All F1 TV subscribers also have access to improved Live Timing features on the official F1 app, “with more data than what the F1 teams get on the pit lane with” according to the somewhat clumsy wording on the official website.  
Audience crashes as paywall goes up “Formula 1 has been viewed or consumed very much in the same way for the last 30 to 40 years,” admitted Rob Smedley, chief engineer of F1. “It is images of cars going round and round a track and it’s not really telling much more of a story than that.” 
The increased use of car data is an attempt to better engage fans. 
In the UK, F1 was already facing an uphill struggle after beginning a new contract last year which made Sky Sports the exclusive live broadcaster of all but the British GP. 
In data shared by The Independent, this led to UK audiences tanking by 13.6% over the course of last season to a cumulative (Sky and C4) 54.8 million. Of that diminished figure, the number of people watching online was just a fraction.  
Data from Barb shows that across Sky Sports and Channel 4 meant each race averaged just 70,680 viewers online. 
That’s not quite what F1 owner Liberty Media had in mind when it put online streaming at the heart of its plans for the sport when it got the keys to it three years ago in a £3.7bn takeover.  
There are two driving forces behind it, concluded The Independent. First, F1’s dramatic action is better suited to a bigger screen and, second, its fans tend to be older than those of other sports so they aren’t as used to watching TV online. 
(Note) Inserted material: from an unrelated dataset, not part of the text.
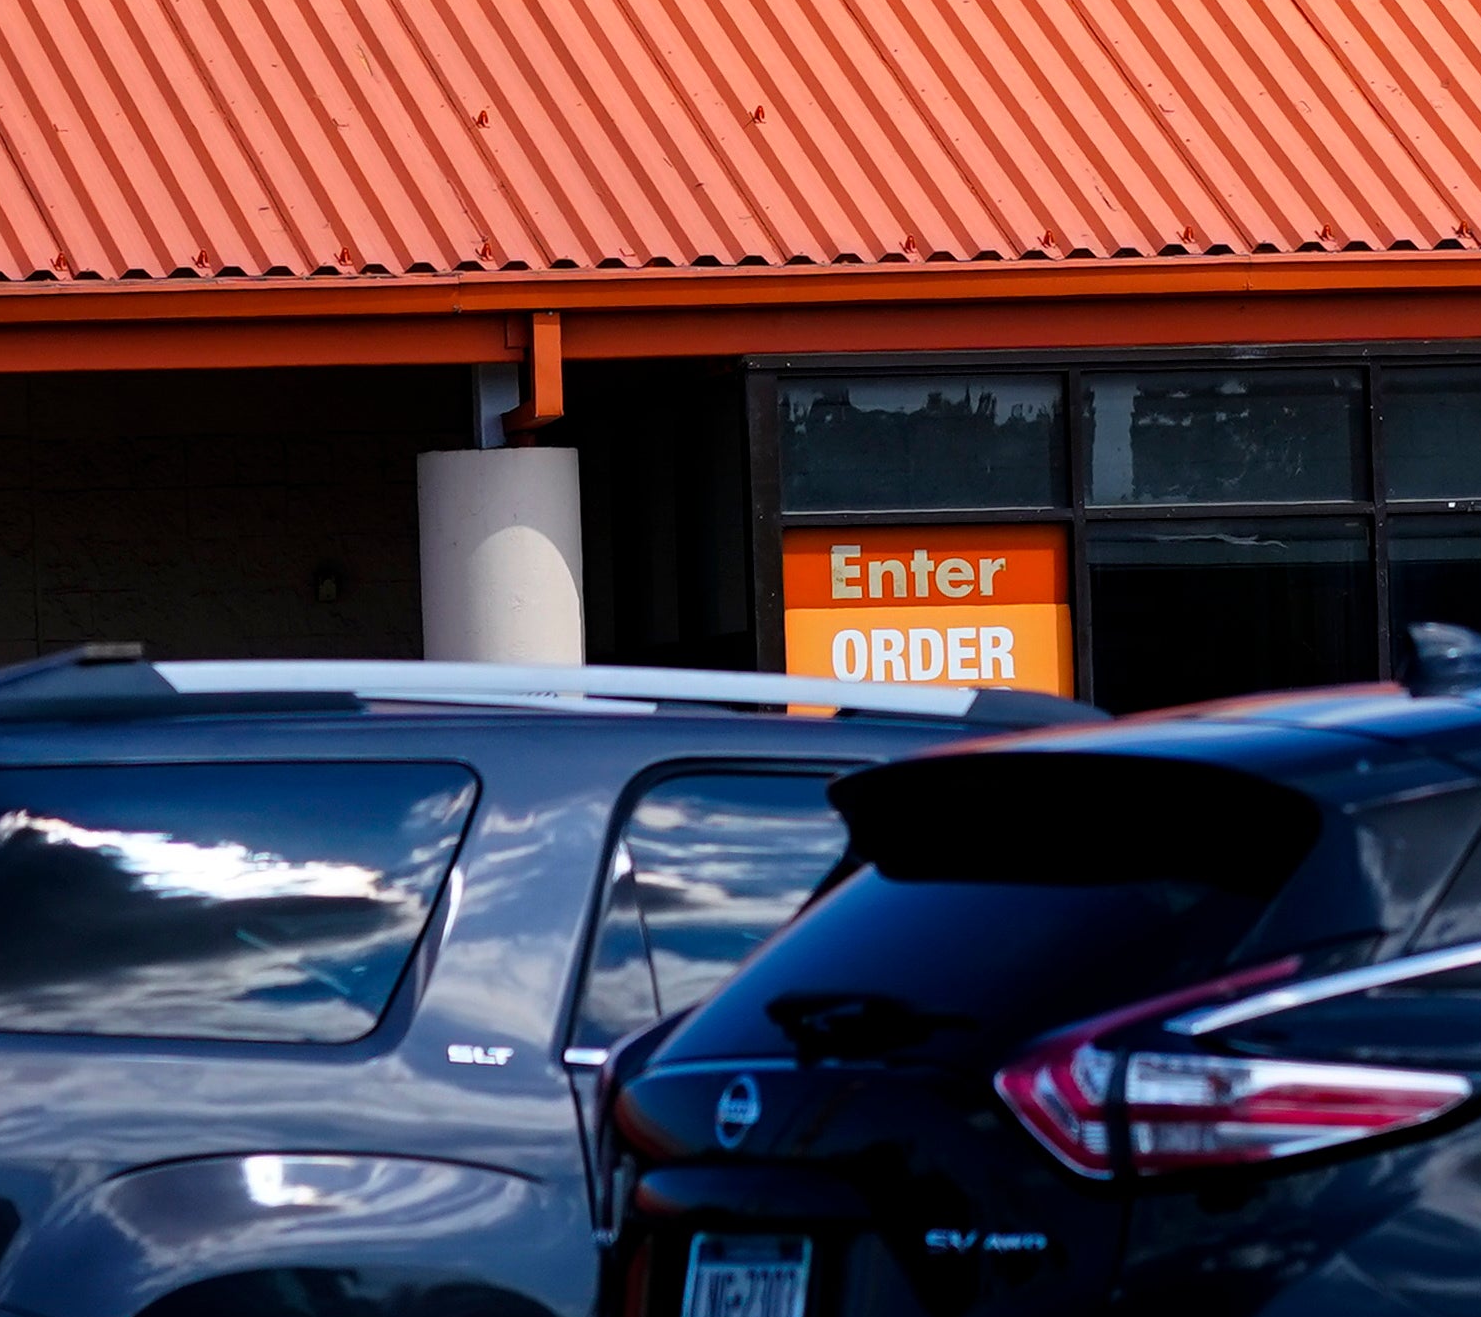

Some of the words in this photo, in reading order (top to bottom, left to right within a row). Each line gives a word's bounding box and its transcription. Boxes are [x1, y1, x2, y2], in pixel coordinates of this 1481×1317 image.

[830, 544, 1007, 600] Enter
[831, 626, 1016, 684] ORDER
[447, 1043, 515, 1066] SLT
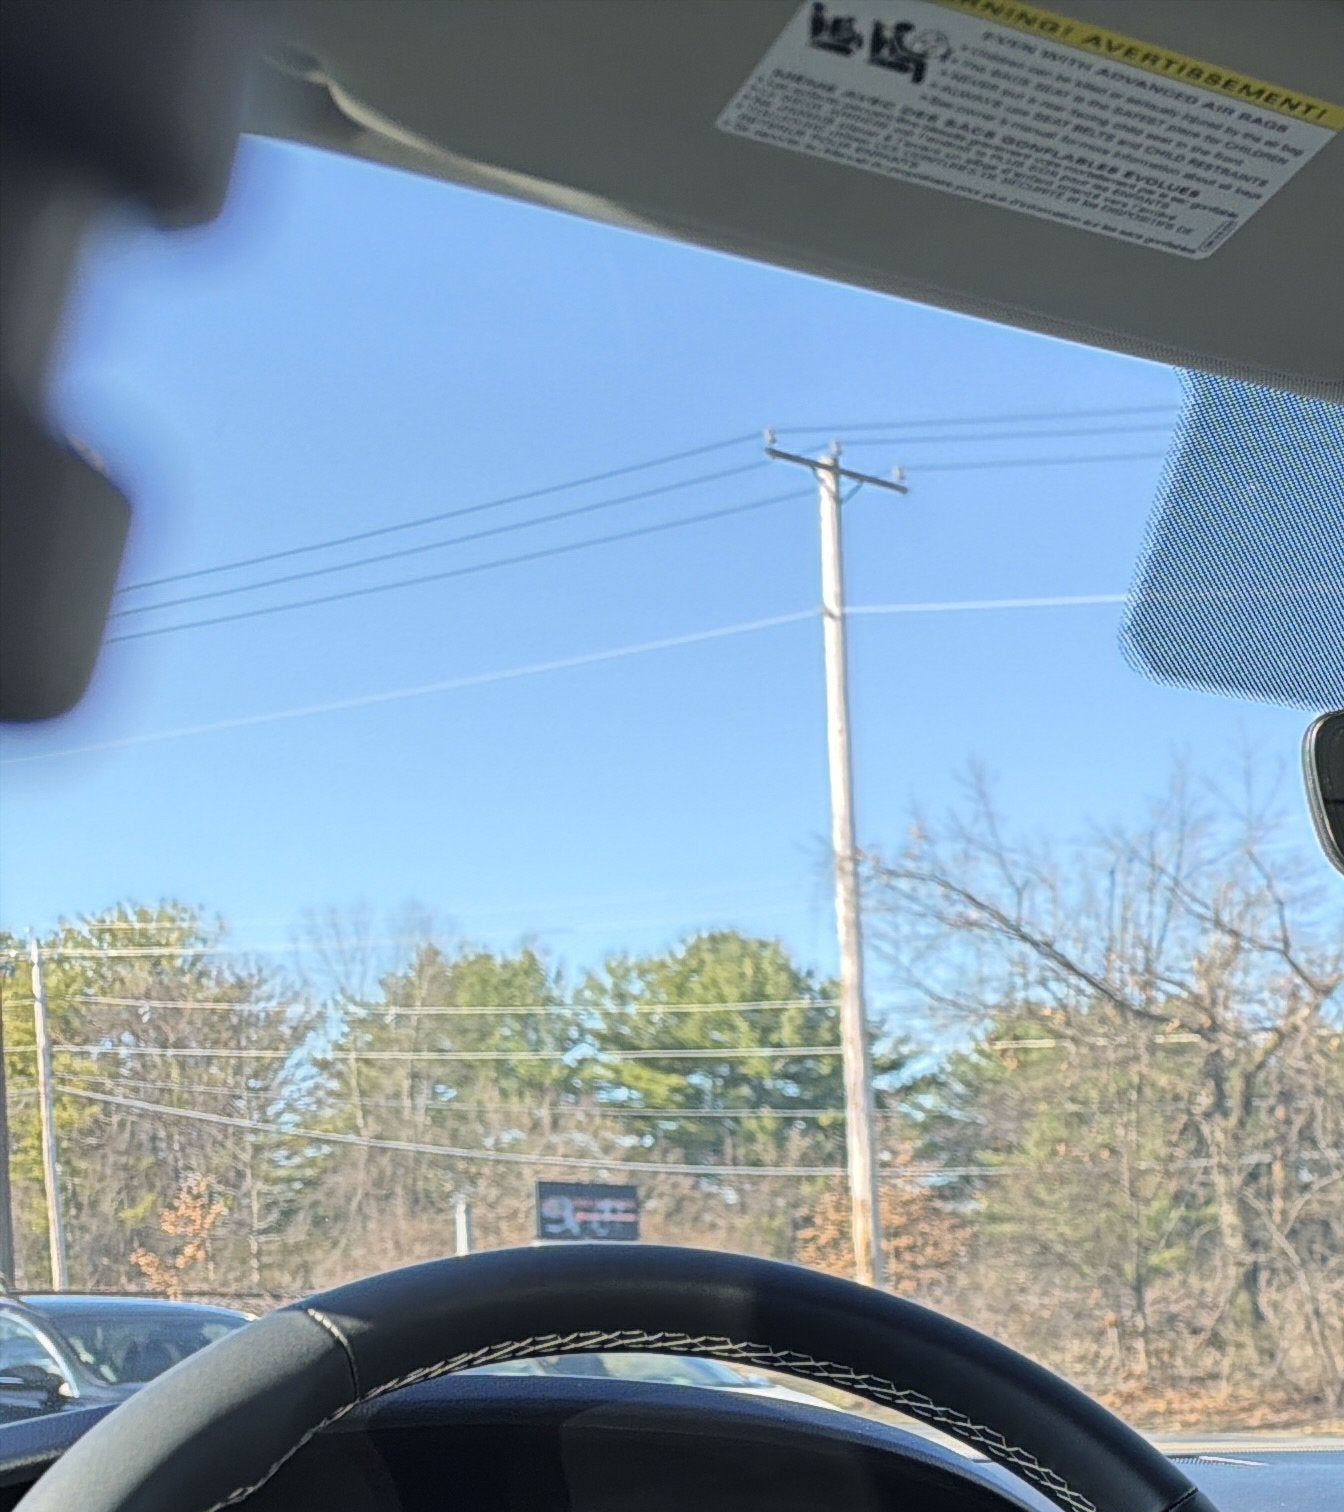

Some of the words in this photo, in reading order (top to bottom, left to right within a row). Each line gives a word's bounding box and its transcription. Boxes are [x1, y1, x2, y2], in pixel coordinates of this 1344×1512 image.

Backing up that idea is Barb data showing that the smallest screens attract the fewest viewers. Some 45.6% of viewers across both Sky and Channel 4 streams last year did so using a PC/laptop with. This was followed by tablets, which accounted for 32.3%, and smartphones at 22.1%. 
F1 TV’s debut on the Roku platform addresses this and marks the first time F1 TV will be available to watch on a large screen format. It is only currently available in North America though. 
Green is go Environmental concerns are heating up with F1 conscious of reputational damage related to its perceived fossil fuel emissions. Of the 256,000 CO2 equivalent tonnes emitted during the 2019 race calendar, just 7.3% was attributable to the operations of events including broadcasting. However, the international travel and logistics required to put on each race that exhausted 72.7% of F1’s total carbon output. It plans to reach net zero in a decade, but that seems an eon away when going green demands more urgency. 
“Environmental impact is part of every decision we make whether that’s what water bottle we use on site to how we travel,” says Whisper’s Curtis. “We will work with F1 and any other group we can to try and speed up the pace of change and we look at ourselves and what we can do better. Sometimes the greenest option is not the cheapest one but it’s about making the right choice.”